• Your objective
Only the text of the records belongs in the answer, copied exactly and without pictures.

#### Data for this task ####

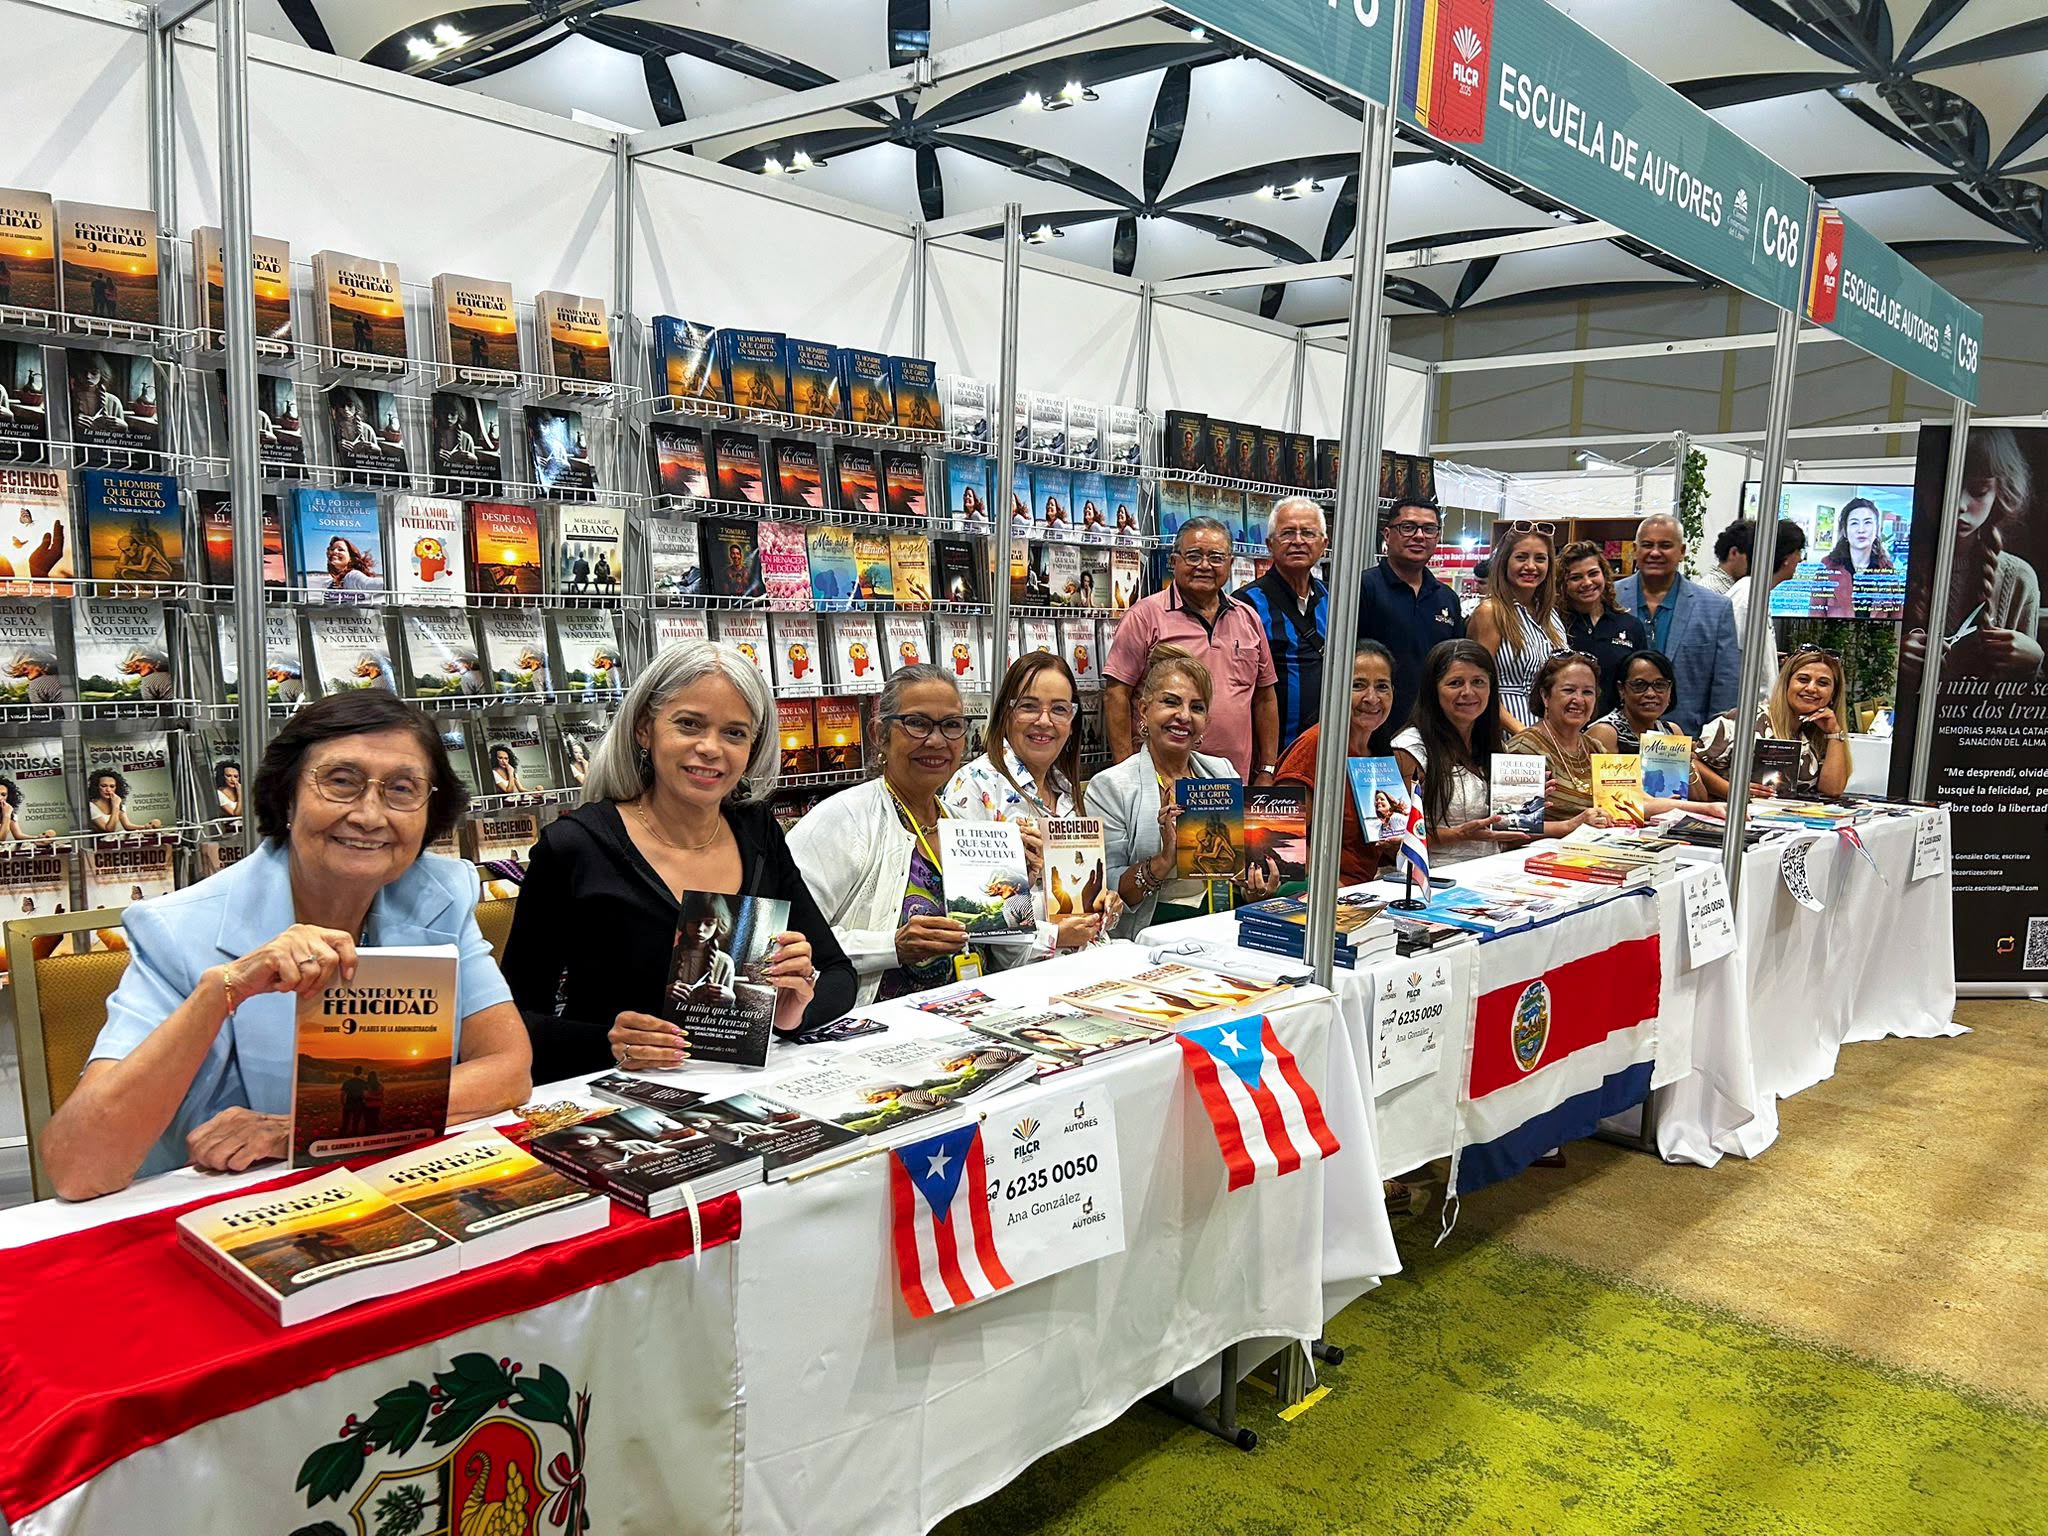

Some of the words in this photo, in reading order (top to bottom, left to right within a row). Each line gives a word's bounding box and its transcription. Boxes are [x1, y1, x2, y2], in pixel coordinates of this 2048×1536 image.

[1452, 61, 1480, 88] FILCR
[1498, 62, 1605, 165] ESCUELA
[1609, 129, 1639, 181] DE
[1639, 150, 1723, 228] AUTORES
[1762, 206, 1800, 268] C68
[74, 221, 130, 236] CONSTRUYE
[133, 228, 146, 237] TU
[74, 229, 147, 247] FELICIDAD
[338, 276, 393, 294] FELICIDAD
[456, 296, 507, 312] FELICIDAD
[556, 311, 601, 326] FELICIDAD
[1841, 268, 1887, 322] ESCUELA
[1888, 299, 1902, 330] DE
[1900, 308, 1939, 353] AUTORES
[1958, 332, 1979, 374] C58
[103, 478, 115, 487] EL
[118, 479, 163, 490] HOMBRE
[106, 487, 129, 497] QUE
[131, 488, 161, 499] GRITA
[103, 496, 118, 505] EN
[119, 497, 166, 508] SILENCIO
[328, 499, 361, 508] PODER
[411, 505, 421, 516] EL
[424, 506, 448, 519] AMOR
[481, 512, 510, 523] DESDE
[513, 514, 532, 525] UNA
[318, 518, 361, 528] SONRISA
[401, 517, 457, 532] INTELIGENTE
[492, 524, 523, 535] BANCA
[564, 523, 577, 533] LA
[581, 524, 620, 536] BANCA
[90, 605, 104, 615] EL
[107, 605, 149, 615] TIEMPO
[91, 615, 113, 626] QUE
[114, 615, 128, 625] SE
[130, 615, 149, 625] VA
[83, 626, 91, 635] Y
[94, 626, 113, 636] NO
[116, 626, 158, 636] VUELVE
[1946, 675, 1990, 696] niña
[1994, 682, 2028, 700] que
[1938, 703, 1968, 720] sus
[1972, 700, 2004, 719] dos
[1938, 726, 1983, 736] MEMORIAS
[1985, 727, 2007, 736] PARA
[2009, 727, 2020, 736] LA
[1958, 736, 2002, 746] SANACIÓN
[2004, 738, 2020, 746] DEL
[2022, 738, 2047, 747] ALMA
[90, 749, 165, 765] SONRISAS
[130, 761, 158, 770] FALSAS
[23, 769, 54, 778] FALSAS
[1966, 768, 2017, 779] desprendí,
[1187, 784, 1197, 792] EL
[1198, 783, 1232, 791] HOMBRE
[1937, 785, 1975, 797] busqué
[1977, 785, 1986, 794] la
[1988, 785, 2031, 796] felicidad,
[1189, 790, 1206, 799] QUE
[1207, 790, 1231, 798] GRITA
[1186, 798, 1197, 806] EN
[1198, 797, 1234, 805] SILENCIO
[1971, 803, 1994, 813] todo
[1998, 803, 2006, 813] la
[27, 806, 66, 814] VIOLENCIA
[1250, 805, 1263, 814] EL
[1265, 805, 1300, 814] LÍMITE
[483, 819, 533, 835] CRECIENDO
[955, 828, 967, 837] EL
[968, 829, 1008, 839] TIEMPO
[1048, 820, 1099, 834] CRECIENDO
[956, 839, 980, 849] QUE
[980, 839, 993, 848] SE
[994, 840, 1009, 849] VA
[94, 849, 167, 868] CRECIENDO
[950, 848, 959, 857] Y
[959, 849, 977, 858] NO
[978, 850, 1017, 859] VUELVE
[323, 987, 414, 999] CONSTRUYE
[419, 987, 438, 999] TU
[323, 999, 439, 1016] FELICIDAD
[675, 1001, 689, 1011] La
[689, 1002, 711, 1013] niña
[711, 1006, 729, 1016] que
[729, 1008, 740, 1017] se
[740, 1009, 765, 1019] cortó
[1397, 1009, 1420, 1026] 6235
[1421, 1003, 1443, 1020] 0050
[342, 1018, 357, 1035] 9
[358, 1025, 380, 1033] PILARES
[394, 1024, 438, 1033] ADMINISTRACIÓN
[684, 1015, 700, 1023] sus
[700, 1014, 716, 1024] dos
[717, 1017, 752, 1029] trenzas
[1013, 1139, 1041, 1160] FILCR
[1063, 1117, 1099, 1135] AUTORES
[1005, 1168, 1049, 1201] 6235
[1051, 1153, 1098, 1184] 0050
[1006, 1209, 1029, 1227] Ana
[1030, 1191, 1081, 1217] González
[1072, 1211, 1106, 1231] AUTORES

####

• Result
Some of the words in this photo, in reading order (top to bottom, left to right within a row). Each line gives a word's bounding box and its transcription. Boxes are [x1, y1, x2, y2], in pixel coordinates of this 2048×1536 image.

[1452, 61, 1480, 88] FILCR
[1498, 62, 1605, 165] ESCUELA
[1609, 129, 1639, 181] DE
[1639, 150, 1723, 228] AUTORES
[1762, 206, 1800, 268] C68
[74, 221, 130, 236] CONSTRUYE
[133, 228, 146, 237] TU
[74, 229, 147, 247] FELICIDAD
[338, 276, 393, 294] FELICIDAD
[456, 296, 507, 312] FELICIDAD
[556, 311, 601, 326] FELICIDAD
[1841, 268, 1887, 322] ESCUELA
[1888, 299, 1902, 330] DE
[1900, 308, 1939, 353] AUTORES
[1958, 332, 1979, 374] C58
[103, 478, 115, 487] EL
[118, 479, 163, 490] HOMBRE
[106, 487, 129, 497] QUE
[131, 488, 161, 499] GRITA
[103, 496, 118, 505] EN
[119, 497, 166, 508] SILENCIO
[328, 499, 361, 508] PODER
[411, 505, 421, 516] EL
[424, 506, 448, 519] AMOR
[481, 512, 510, 523] DESDE
[513, 514, 532, 525] UNA
[318, 518, 361, 528] SONRISA
[401, 517, 457, 532] INTELIGENTE
[492, 524, 523, 535] BANCA
[564, 523, 577, 533] LA
[581, 524, 620, 536] BANCA
[90, 605, 104, 615] EL
[107, 605, 149, 615] TIEMPO
[91, 615, 113, 626] QUE
[114, 615, 128, 625] SE
[130, 615, 149, 625] VA
[83, 626, 91, 635] Y
[94, 626, 113, 636] NO
[116, 626, 158, 636] VUELVE
[1946, 675, 1990, 696] niña
[1994, 682, 2028, 700] que
[1938, 703, 1968, 720] sus
[1972, 700, 2004, 719] dos
[1938, 726, 1983, 736] MEMORIAS
[1985, 727, 2007, 736] PARA
[2009, 727, 2020, 736] LA
[1958, 736, 2002, 746] SANACIÓN
[2004, 738, 2020, 746] DEL
[2022, 738, 2047, 747] ALMA
[90, 749, 165, 765] SONRISAS
[130, 761, 158, 770] FALSAS
[23, 769, 54, 778] FALSAS
[1966, 768, 2017, 779] desprendí,
[1187, 784, 1197, 792] EL
[1198, 783, 1232, 791] HOMBRE
[1937, 785, 1975, 797] busqué
[1977, 785, 1986, 794] la
[1988, 785, 2031, 796] felicidad,
[1189, 790, 1206, 799] QUE
[1207, 790, 1231, 798] GRITA
[1186, 798, 1197, 806] EN
[1198, 797, 1234, 805] SILENCIO
[1971, 803, 1994, 813] todo
[1998, 803, 2006, 813] la
[27, 806, 66, 814] VIOLENCIA
[1250, 805, 1263, 814] EL
[1265, 805, 1300, 814] LÍMITE
[483, 819, 533, 835] CRECIENDO
[955, 828, 967, 837] EL
[968, 829, 1008, 839] TIEMPO
[1048, 820, 1099, 834] CRECIENDO
[956, 839, 980, 849] QUE
[980, 839, 993, 848] SE
[994, 840, 1009, 849] VA
[94, 849, 167, 868] CRECIENDO
[950, 848, 959, 857] Y
[959, 849, 977, 858] NO
[978, 850, 1017, 859] VUELVE
[323, 987, 414, 999] CONSTRUYE
[419, 987, 438, 999] TU
[323, 999, 439, 1016] FELICIDAD
[675, 1001, 689, 1011] La
[689, 1002, 711, 1013] niña
[711, 1006, 729, 1016] que
[729, 1008, 740, 1017] se
[740, 1009, 765, 1019] cortó
[1397, 1009, 1420, 1026] 6235
[1421, 1003, 1443, 1020] 0050
[342, 1018, 357, 1035] 9
[358, 1025, 380, 1033] PILARES
[394, 1024, 438, 1033] ADMINISTRACIÓN
[684, 1015, 700, 1023] sus
[700, 1014, 716, 1024] dos
[717, 1017, 752, 1029] trenzas
[1013, 1139, 1041, 1160] FILCR
[1063, 1117, 1099, 1135] AUTORES
[1005, 1168, 1049, 1201] 6235
[1051, 1153, 1098, 1184] 0050
[1006, 1209, 1029, 1227] Ana
[1030, 1191, 1081, 1217] González
[1072, 1211, 1106, 1231] AUTORES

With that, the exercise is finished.